──────── PROVIDED RECORDS

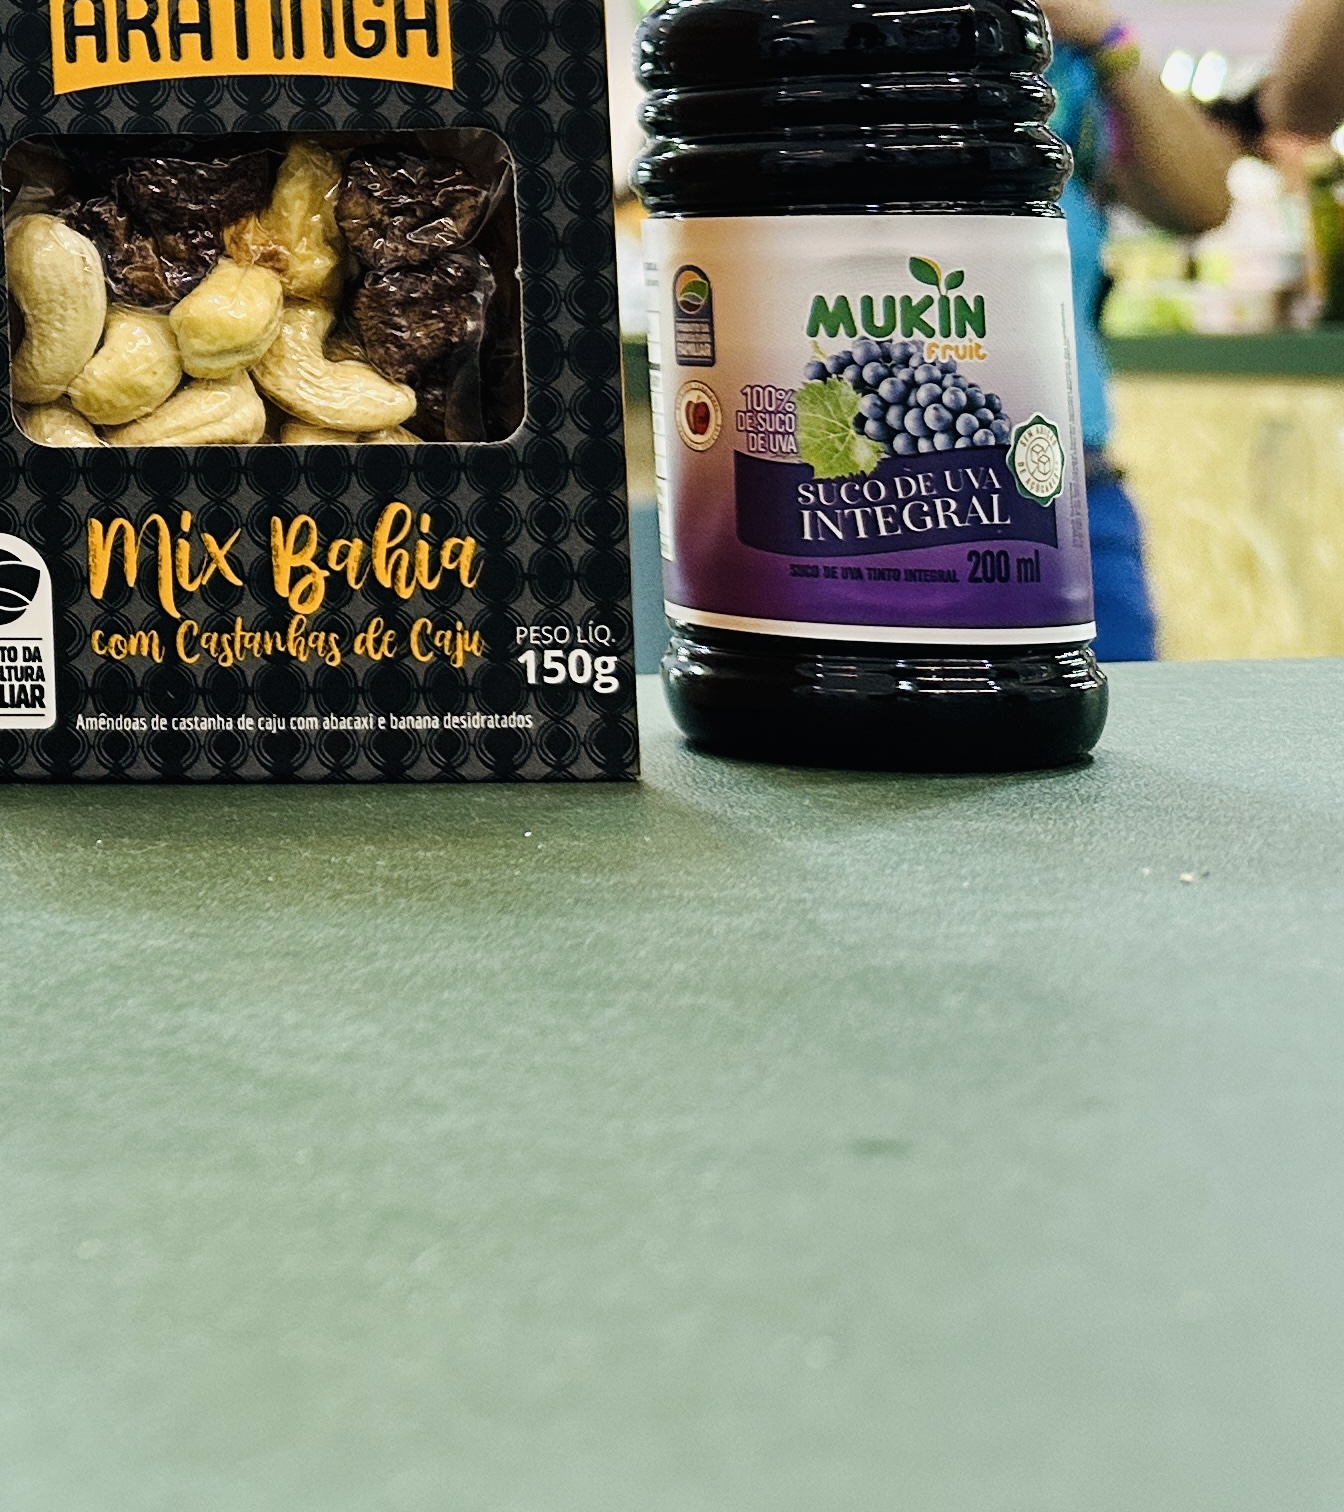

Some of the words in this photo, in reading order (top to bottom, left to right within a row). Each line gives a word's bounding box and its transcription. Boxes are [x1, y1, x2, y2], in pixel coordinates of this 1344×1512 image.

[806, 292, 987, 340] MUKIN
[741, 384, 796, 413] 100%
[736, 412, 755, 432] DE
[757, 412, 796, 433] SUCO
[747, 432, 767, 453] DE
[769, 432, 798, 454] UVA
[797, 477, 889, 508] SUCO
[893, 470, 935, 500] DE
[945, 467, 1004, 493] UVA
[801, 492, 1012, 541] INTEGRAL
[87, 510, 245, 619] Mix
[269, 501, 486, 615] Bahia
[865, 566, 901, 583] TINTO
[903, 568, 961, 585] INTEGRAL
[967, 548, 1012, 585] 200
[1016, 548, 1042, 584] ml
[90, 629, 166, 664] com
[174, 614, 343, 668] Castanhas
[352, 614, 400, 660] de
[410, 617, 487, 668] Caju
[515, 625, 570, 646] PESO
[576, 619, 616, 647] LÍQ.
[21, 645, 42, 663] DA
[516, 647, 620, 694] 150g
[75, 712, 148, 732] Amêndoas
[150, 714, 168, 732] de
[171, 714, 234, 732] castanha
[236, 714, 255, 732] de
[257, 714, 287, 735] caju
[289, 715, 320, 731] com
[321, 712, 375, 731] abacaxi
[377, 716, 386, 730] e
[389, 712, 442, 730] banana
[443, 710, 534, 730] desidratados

────────────────

TASK DIRECTIONS: Pictures stay out of this copy; write out the entries above exactly.

WRITTEN SOLUTION:
Some of the words in this photo, in reading order (top to bottom, left to right within a row). Each line gives a word's bounding box and its transcription. Boxes are [x1, y1, x2, y2], in pixel coordinates of this 1344×1512 image.

[806, 292, 987, 340] MUKIN
[741, 384, 796, 413] 100%
[736, 412, 755, 432] DE
[757, 412, 796, 433] SUCO
[747, 432, 767, 453] DE
[769, 432, 798, 454] UVA
[797, 477, 889, 508] SUCO
[893, 470, 935, 500] DE
[945, 467, 1004, 493] UVA
[801, 492, 1012, 541] INTEGRAL
[87, 510, 245, 619] Mix
[269, 501, 486, 615] Bahia
[865, 566, 901, 583] TINTO
[903, 568, 961, 585] INTEGRAL
[967, 548, 1012, 585] 200
[1016, 548, 1042, 584] ml
[90, 629, 166, 664] com
[174, 614, 343, 668] Castanhas
[352, 614, 400, 660] de
[410, 617, 487, 668] Caju
[515, 625, 570, 646] PESO
[576, 619, 616, 647] LÍQ.
[21, 645, 42, 663] DA
[516, 647, 620, 694] 150g
[75, 712, 148, 732] Amêndoas
[150, 714, 168, 732] de
[171, 714, 234, 732] castanha
[236, 714, 255, 732] de
[257, 714, 287, 735] caju
[289, 715, 320, 731] com
[321, 712, 375, 731] abacaxi
[377, 716, 386, 730] e
[389, 712, 442, 730] banana
[443, 710, 534, 730] desidratados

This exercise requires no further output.